Dalek
I bet some of the dedicated fan base are spitting feathers tonight. "Dalek" was all about icons - the show itself, the characters themselves, the enemy itself - enough icons in one show to keep media students happy for months. But rather than keep each element in thier own place, this series continues to chop up convention and slap heritage in the face with a kipper; the Doctor turns evil, the Dalek turns soft, and the companion gets herself into trouble an... Oh, okay, not [i] all [/i] the conventions are altered...
"Dalek" will certainly divide opinion. Maybe some fans are beyond convincing now - for some, this series is beyond a joke and as far as they are concerned, Doctor Who finished with Sylvester McCoy and has never, ever returned. This episode pushed the show further away from the assumed conventions of Doctor Who, and maintains the very high standard of the series so far. Make no mistake - this is classy, classic television, with the confidence of the show oozing from the screen. By making the Doctor far more complex, twisted even, the new series opens up the usual character traits and stuffs them full of new, unexpected details. Viewers are being asked to feel sorry for a Dalek, and for a moment actually does. The viewer - this one, at any rate - must have held their breath when they realised what was implied by the line "You'd make a good Dalek..."

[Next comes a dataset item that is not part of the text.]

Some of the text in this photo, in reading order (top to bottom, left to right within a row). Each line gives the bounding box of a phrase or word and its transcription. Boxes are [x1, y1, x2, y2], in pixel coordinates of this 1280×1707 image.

For this episode to work, Christopher Eccleston would need all his ability turned all the way up. He did and gave one of the best performances of any of his predecessors. The shock seeing the trapped shirtless Doctor, urging his captor to listen to reason, was made all the more real by the constant sense of fear running through the entire episode. In 45 minutes, real terror existed in an episode destined to be remembered as a modern classic. Genuine concern at the safety of Rose, genuine shock at the electrocution of the guards, and as for the Dalek's levitation...

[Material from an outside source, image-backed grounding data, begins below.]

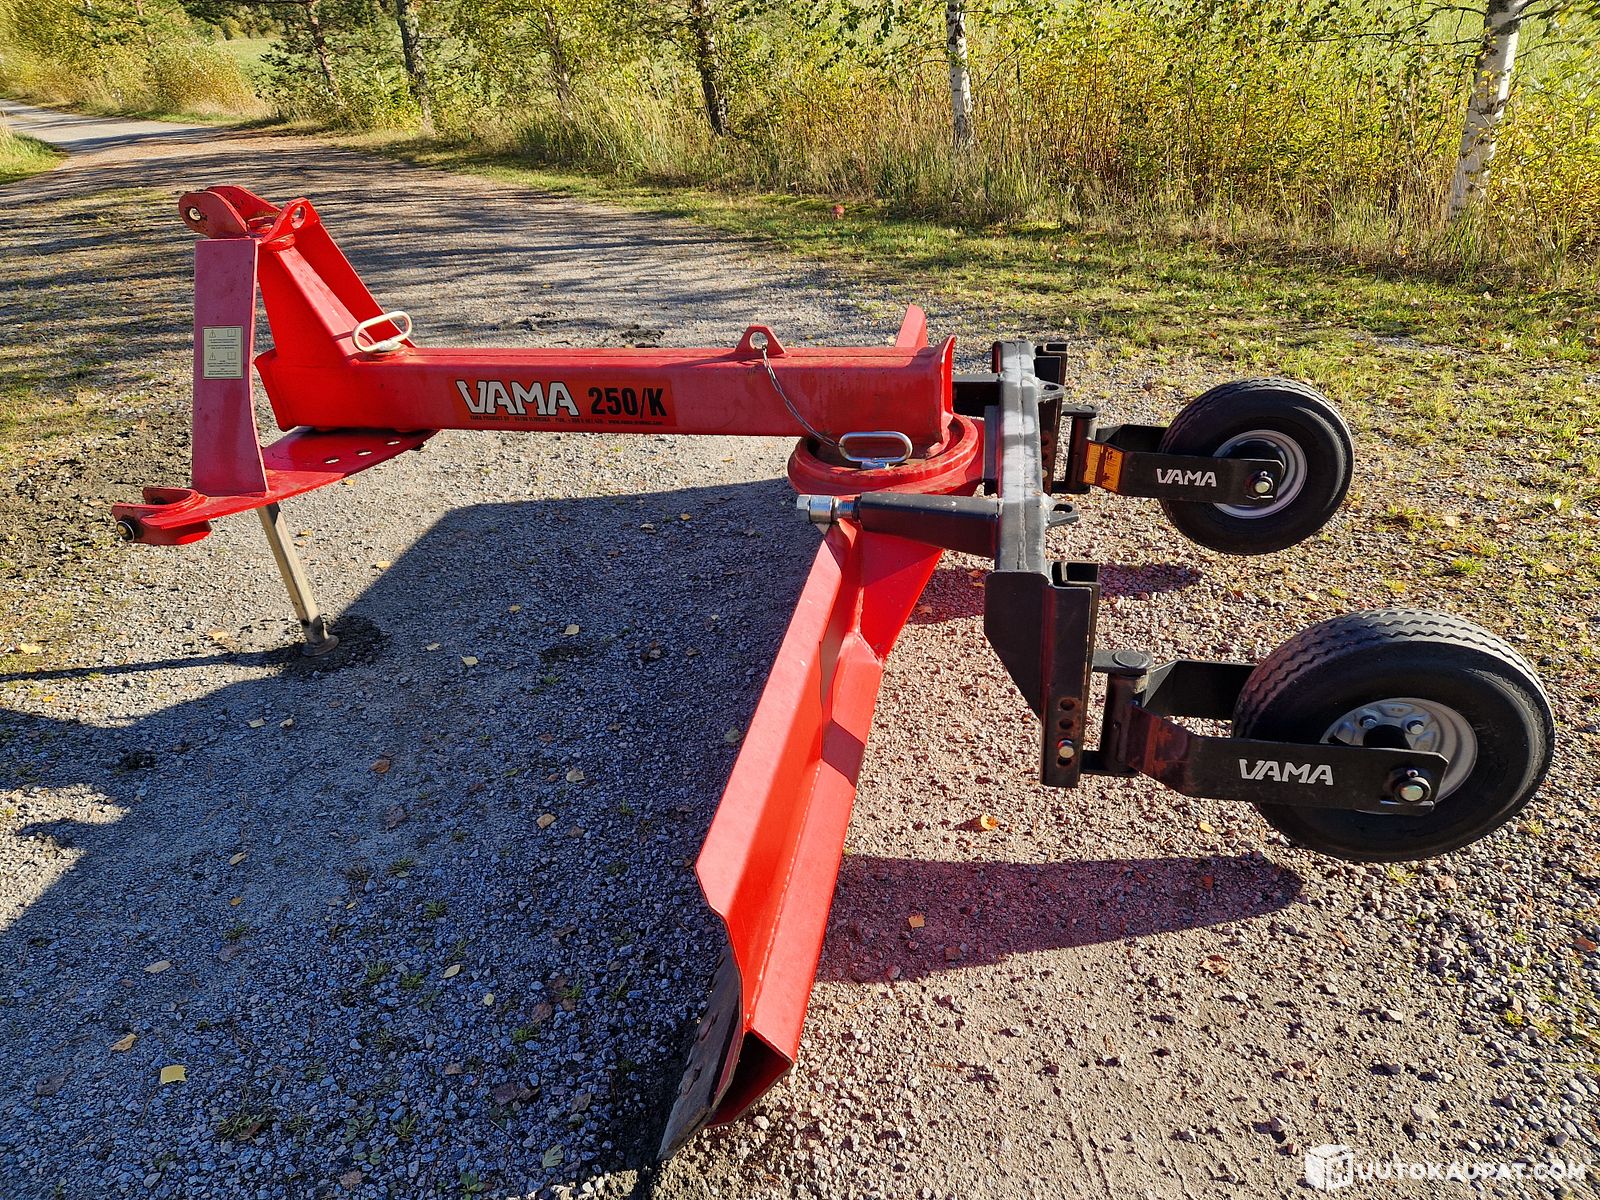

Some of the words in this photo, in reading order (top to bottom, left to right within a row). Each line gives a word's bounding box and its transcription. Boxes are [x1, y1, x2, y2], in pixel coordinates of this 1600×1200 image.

[455, 380, 580, 416] VAMA
[588, 387, 667, 419] 250/K
[1156, 468, 1217, 487] VAMA
[1239, 759, 1334, 786] VAMA
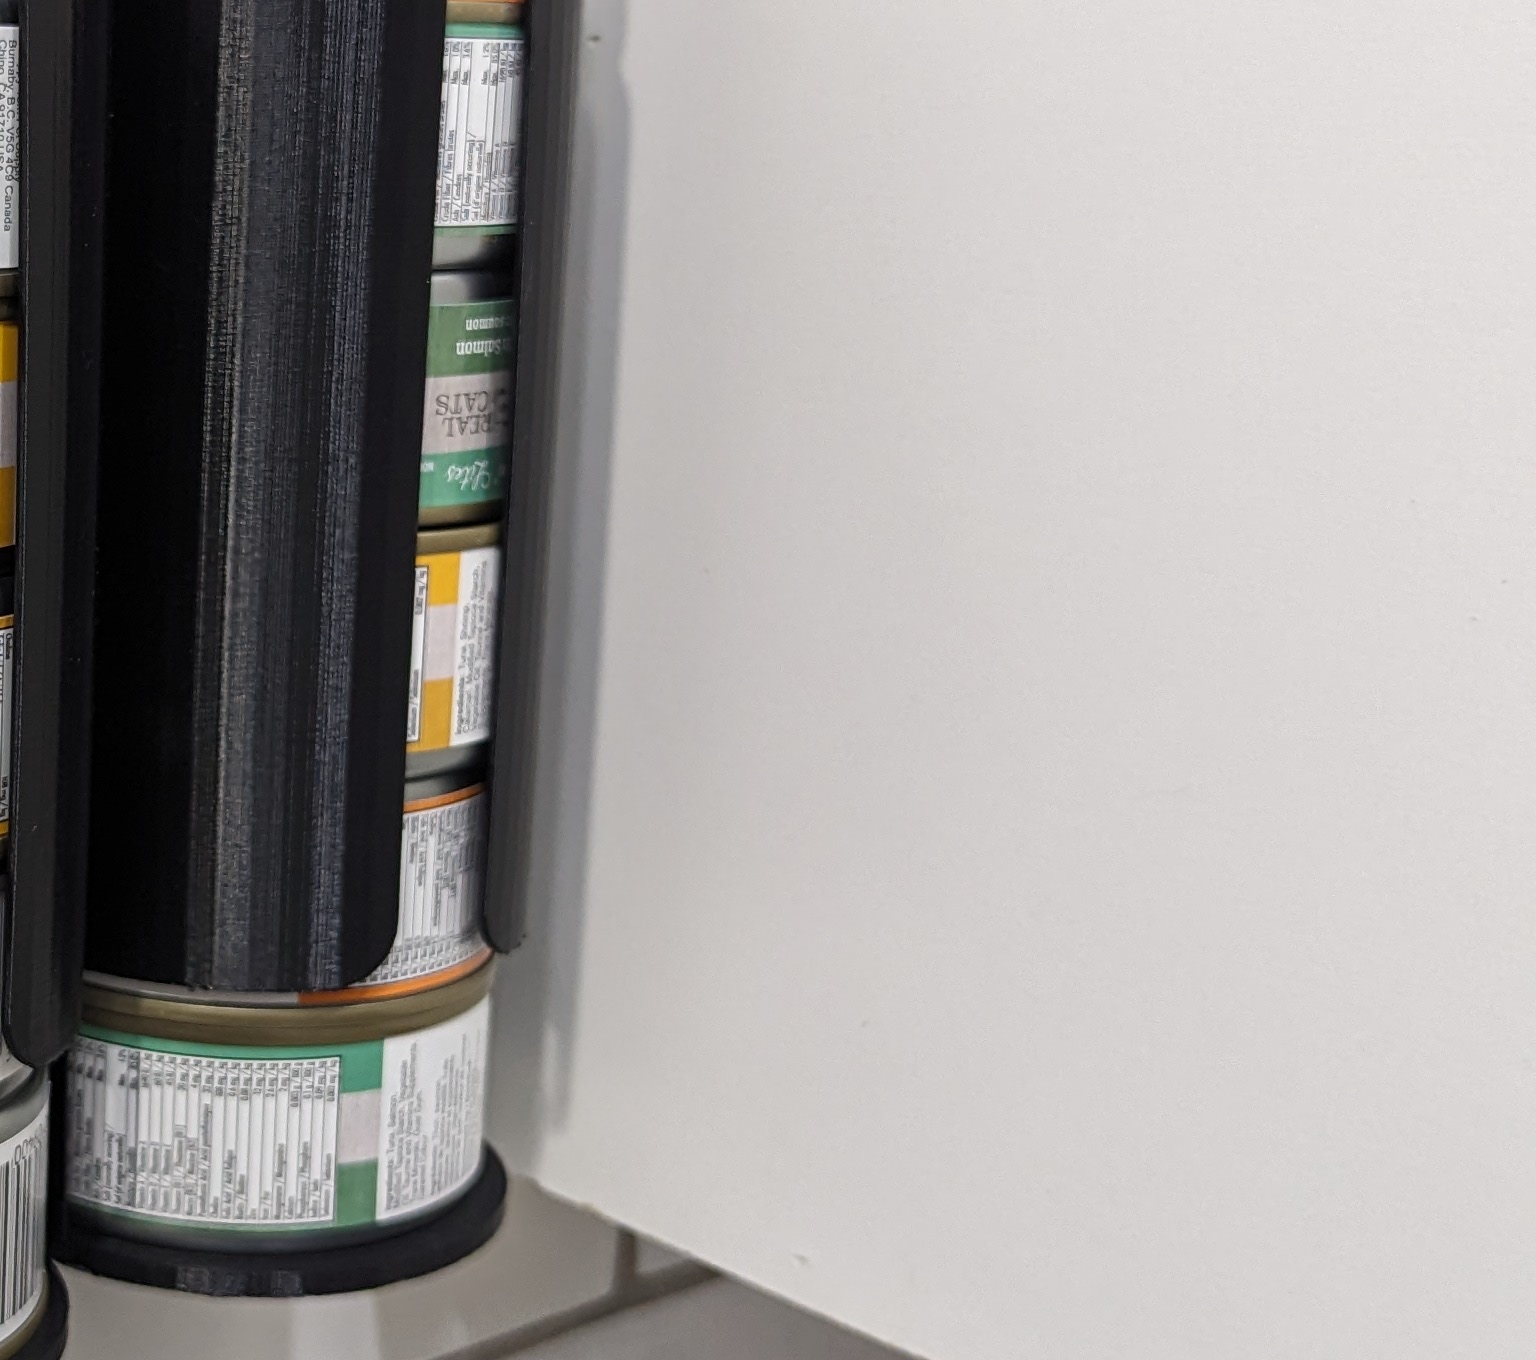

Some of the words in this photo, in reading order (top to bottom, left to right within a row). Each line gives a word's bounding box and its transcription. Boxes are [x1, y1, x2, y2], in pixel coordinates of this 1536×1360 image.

By making the Dalek and Doctor so closely tied, the danger always existed that the episode would be too sentimental, perhaps too domestic to use a common phrase round these parts. But how clever, how perfectly written, was the twist which saw the last surviving Time Lord turn into a gun-toting mad-man, and consequently the Dalek into the moral voice of reason. How brilliant to see the depth of intellegence which allowed humour to appear like raindrops on a windshield, giving the Doctor a real gritty drama to act through but with a background of light relief perfectly realised. Christopher Eccleston will surely be ranked fairly high on the list of 'best' or 'most convincing' Doctors. Not because he's the most recent or the better looking, but because this Time Lord has layers so thick one series wouldn't be enough to scratch the surface, and that is the kind of character the series has always needed. Of course, one series is all we have, all we get given after all these years. "Dalek" was a very different, very modern Doctor Who, played by one of the best Doctors, with one of the best narratives. Onwards, ever, ever onwards.